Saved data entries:
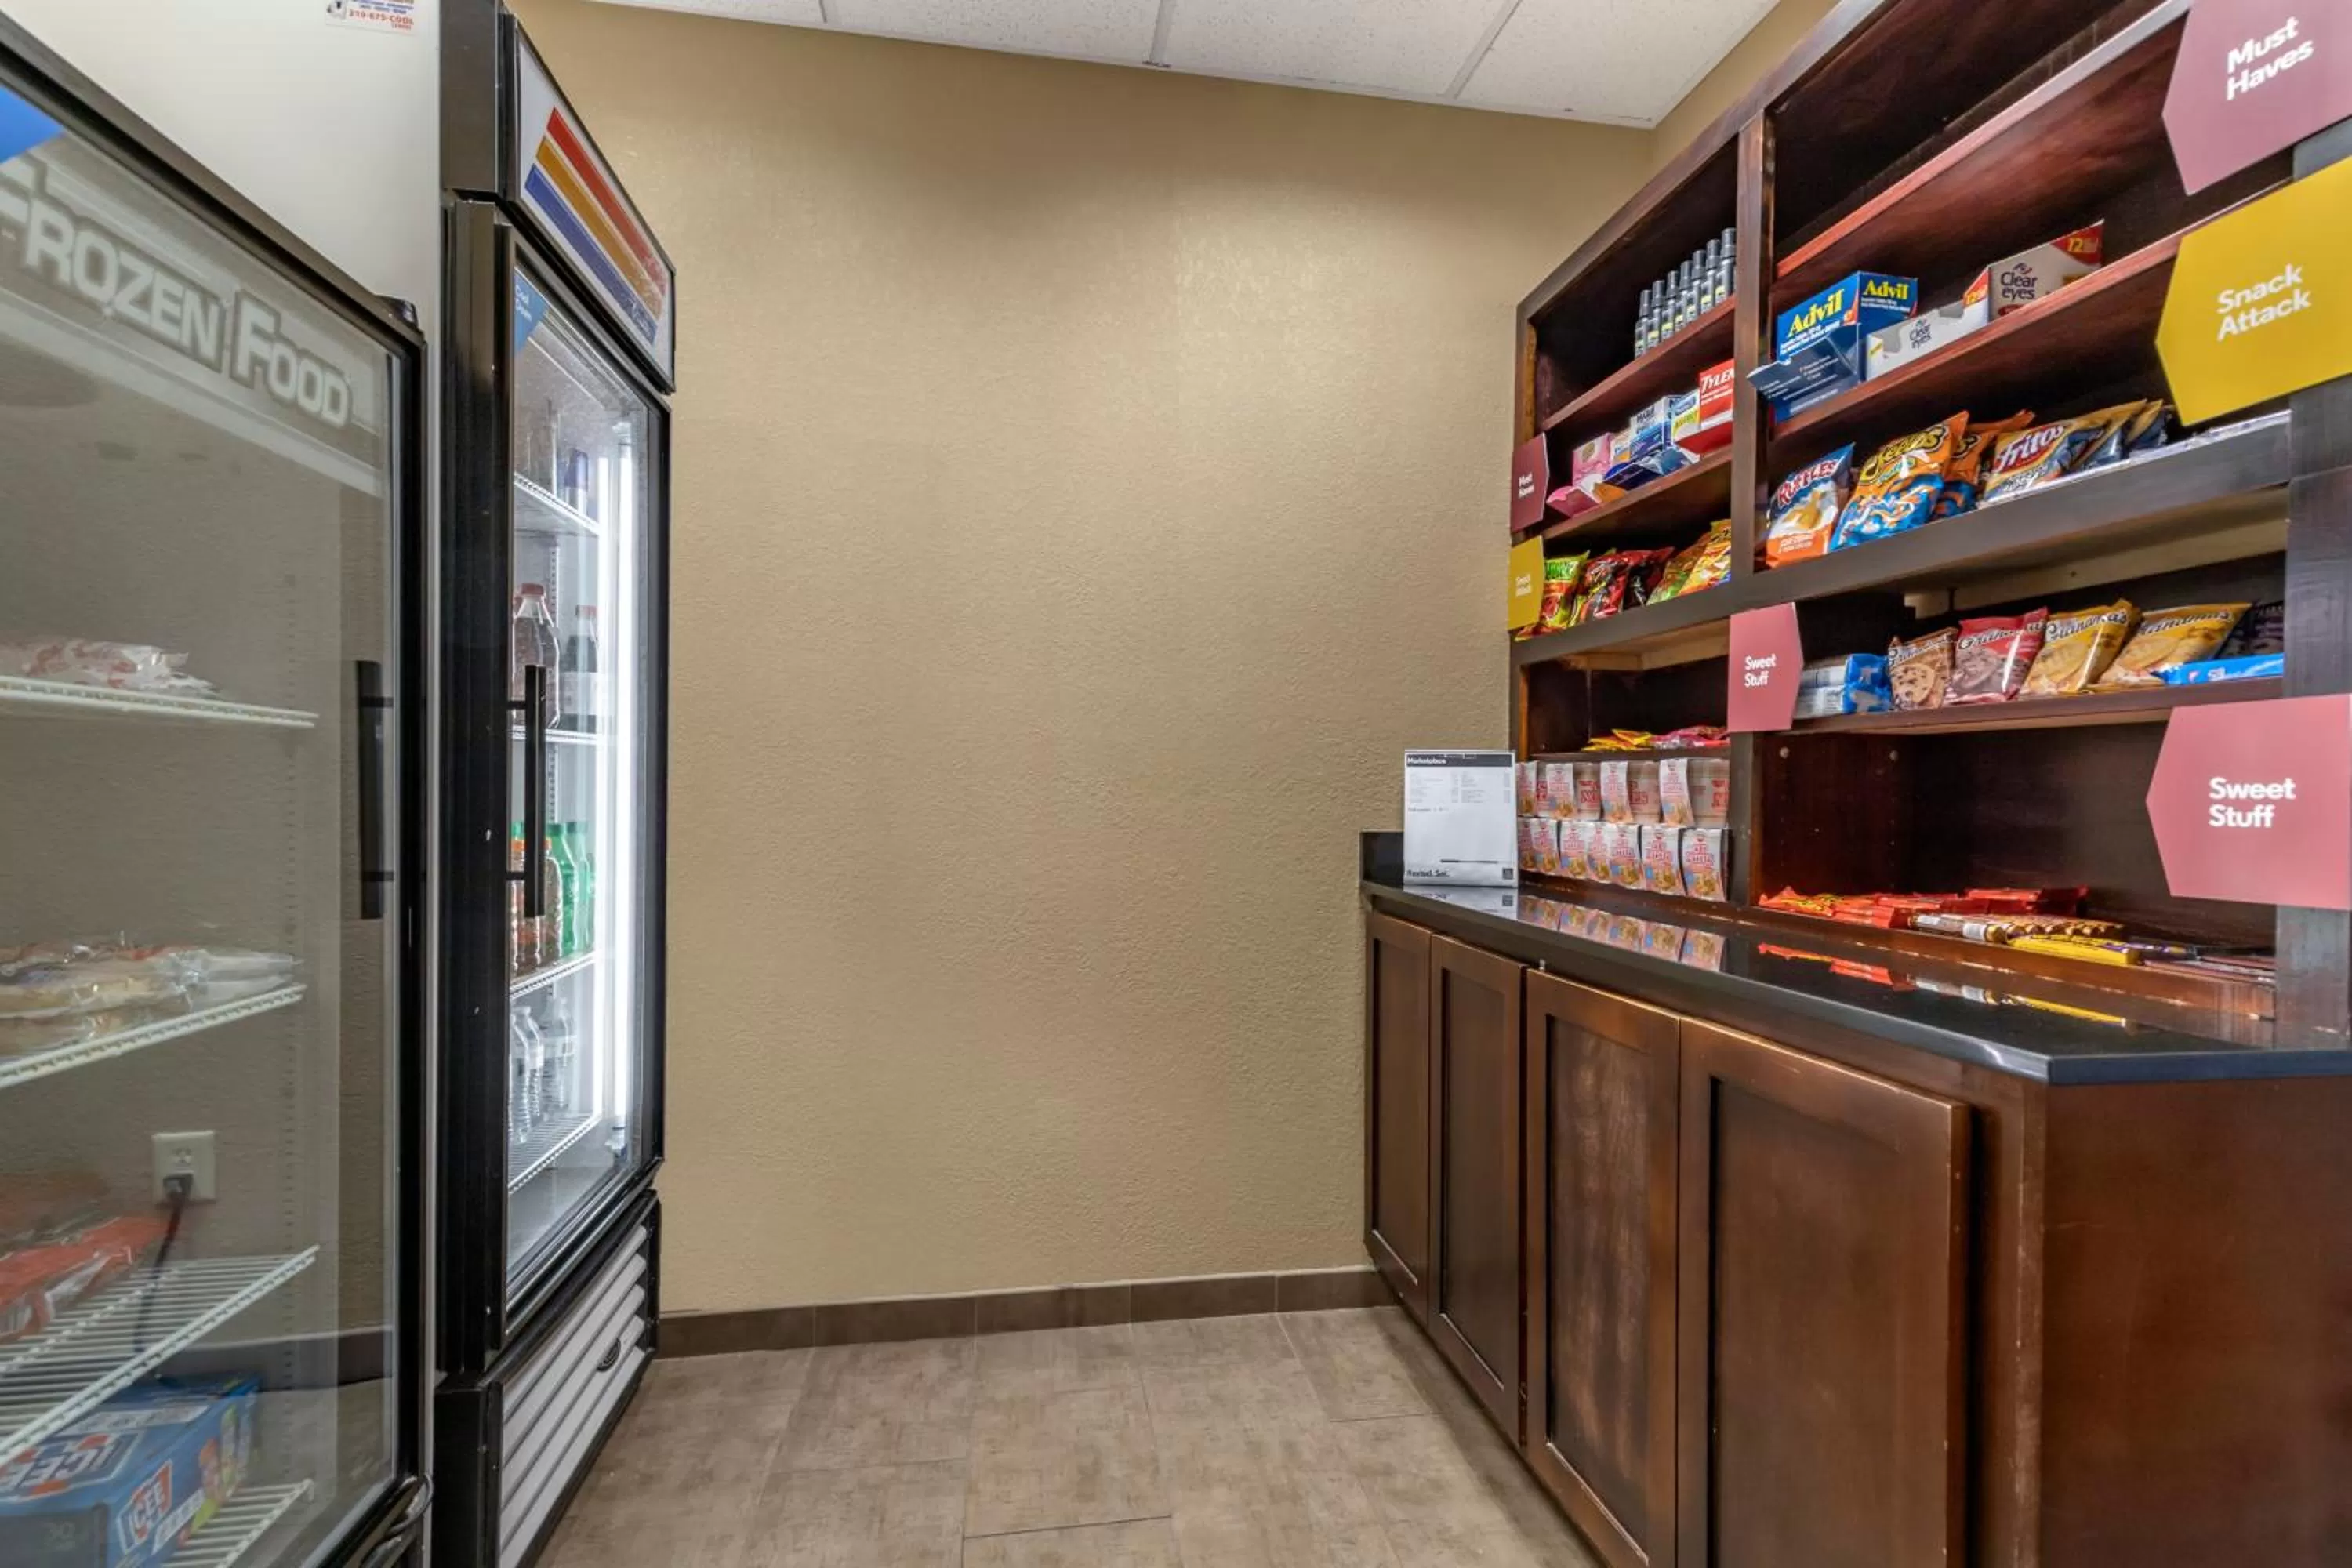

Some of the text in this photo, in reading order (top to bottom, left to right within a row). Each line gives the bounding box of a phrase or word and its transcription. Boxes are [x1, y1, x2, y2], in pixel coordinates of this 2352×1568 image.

[2227, 16, 2299, 74] Must
[2226, 40, 2314, 101] Haves
[1864, 279, 1910, 300] Advil
[2000, 272, 2038, 289] Clear
[2216, 263, 2303, 314] Snack
[2002, 287, 2035, 302] eyes
[1786, 288, 1846, 339] Advil
[2216, 288, 2312, 342] Attack
[1909, 322, 1932, 342] Clear
[236, 297, 350, 429] FOOD
[1996, 423, 2065, 472] Fritos
[1744, 653, 1777, 670] Sweet
[1744, 670, 1769, 688] Stuff
[2209, 777, 2296, 800] Sweet
[2208, 804, 2275, 828] Stuff
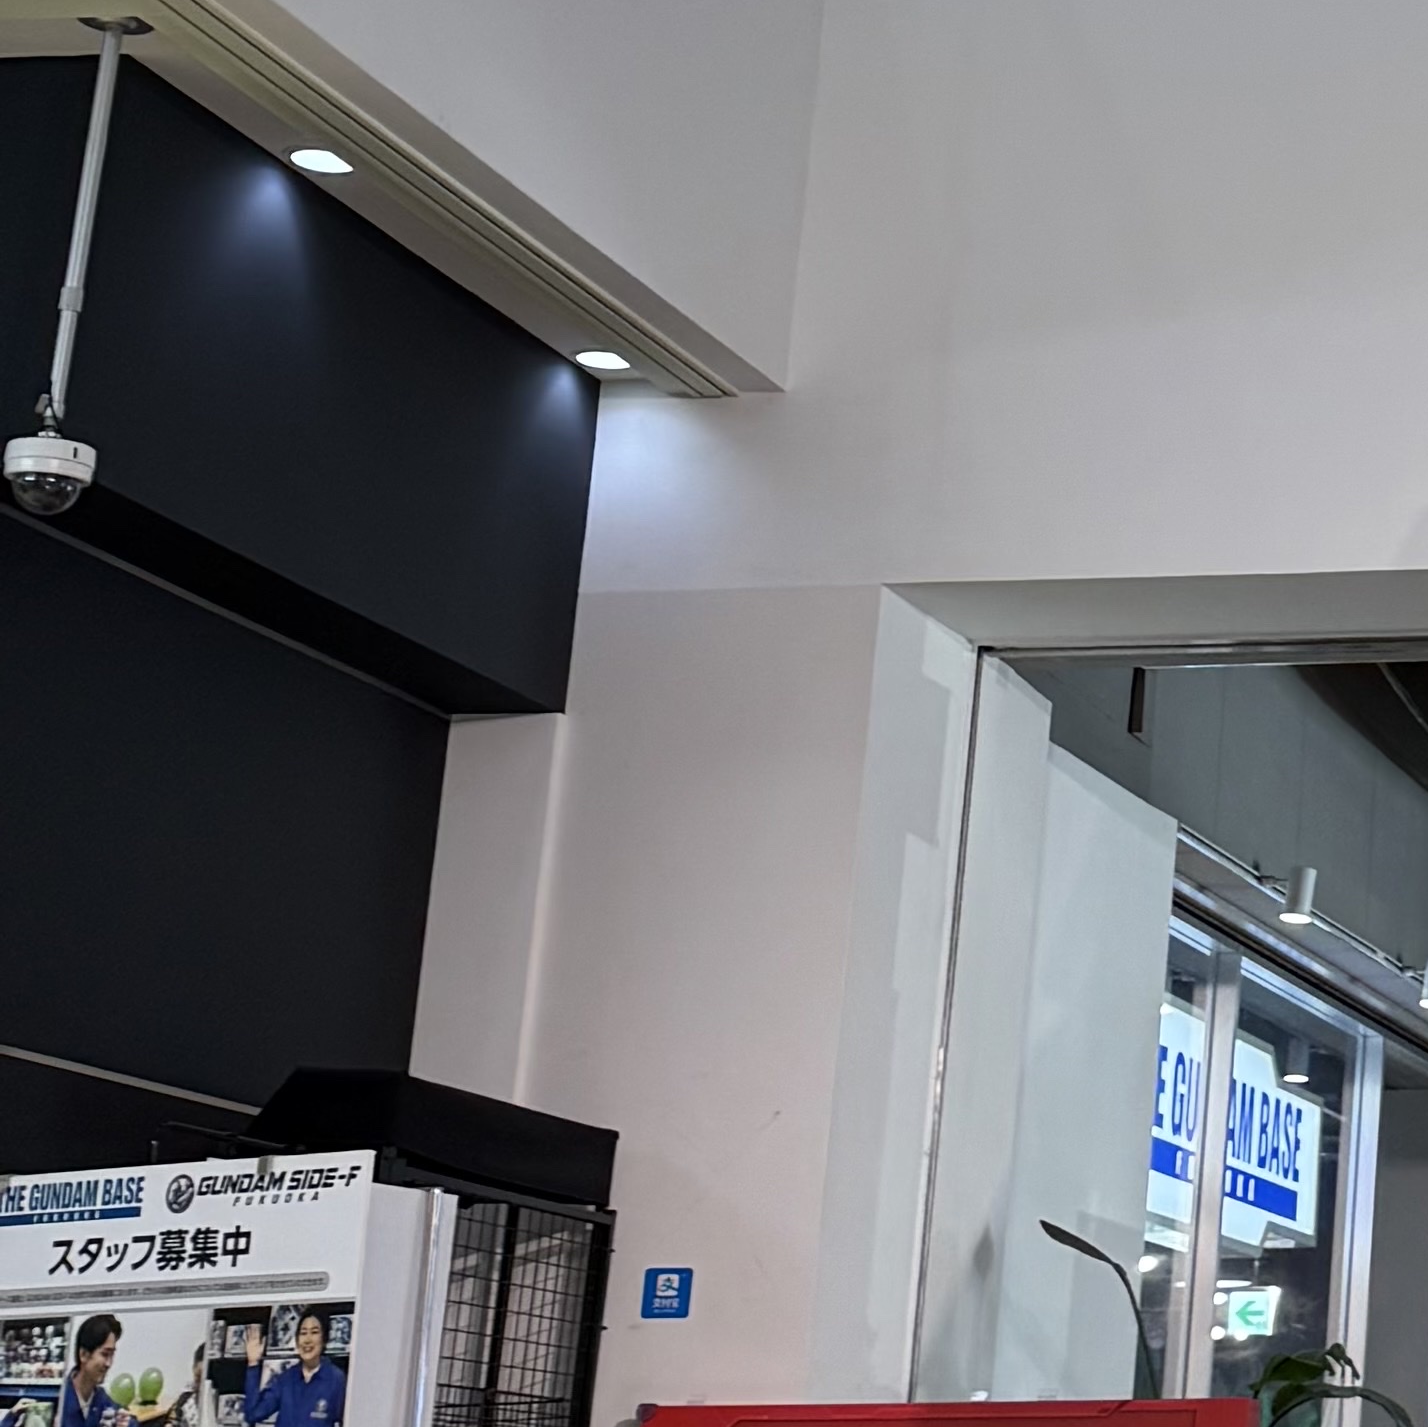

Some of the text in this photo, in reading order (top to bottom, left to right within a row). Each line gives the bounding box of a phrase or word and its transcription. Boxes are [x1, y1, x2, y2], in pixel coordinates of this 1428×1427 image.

* Work task: Without the pictures, set down every entry exactly.

* Exercise answer:
Some of the text in this photo, in reading order (top to bottom, left to right within a row). Each line gives the bounding box of a phrase or word and its transcription. Boxes are [x1, y1, x2, y2], in pixel coordinates of this 2352×1568 image.

[2227, 16, 2299, 74] Must
[2226, 40, 2314, 101] Haves
[1864, 279, 1910, 300] Advil
[2000, 272, 2038, 289] Clear
[2216, 263, 2303, 314] Snack
[2002, 287, 2035, 302] eyes
[1786, 288, 1846, 339] Advil
[2216, 288, 2312, 342] Attack
[1909, 322, 1932, 342] Clear
[236, 297, 350, 429] FOOD
[1996, 423, 2065, 472] Fritos
[1744, 653, 1777, 670] Sweet
[1744, 670, 1769, 688] Stuff
[2209, 777, 2296, 800] Sweet
[2208, 804, 2275, 828] Stuff

Some of the text in this photo, in reading order (top to bottom, left to right within a row). Each line gives the bounding box of a phrase or word and its transcription. Boxes are [x1, y1, x2, y2], in pixel coordinates of this 1428×1427 image.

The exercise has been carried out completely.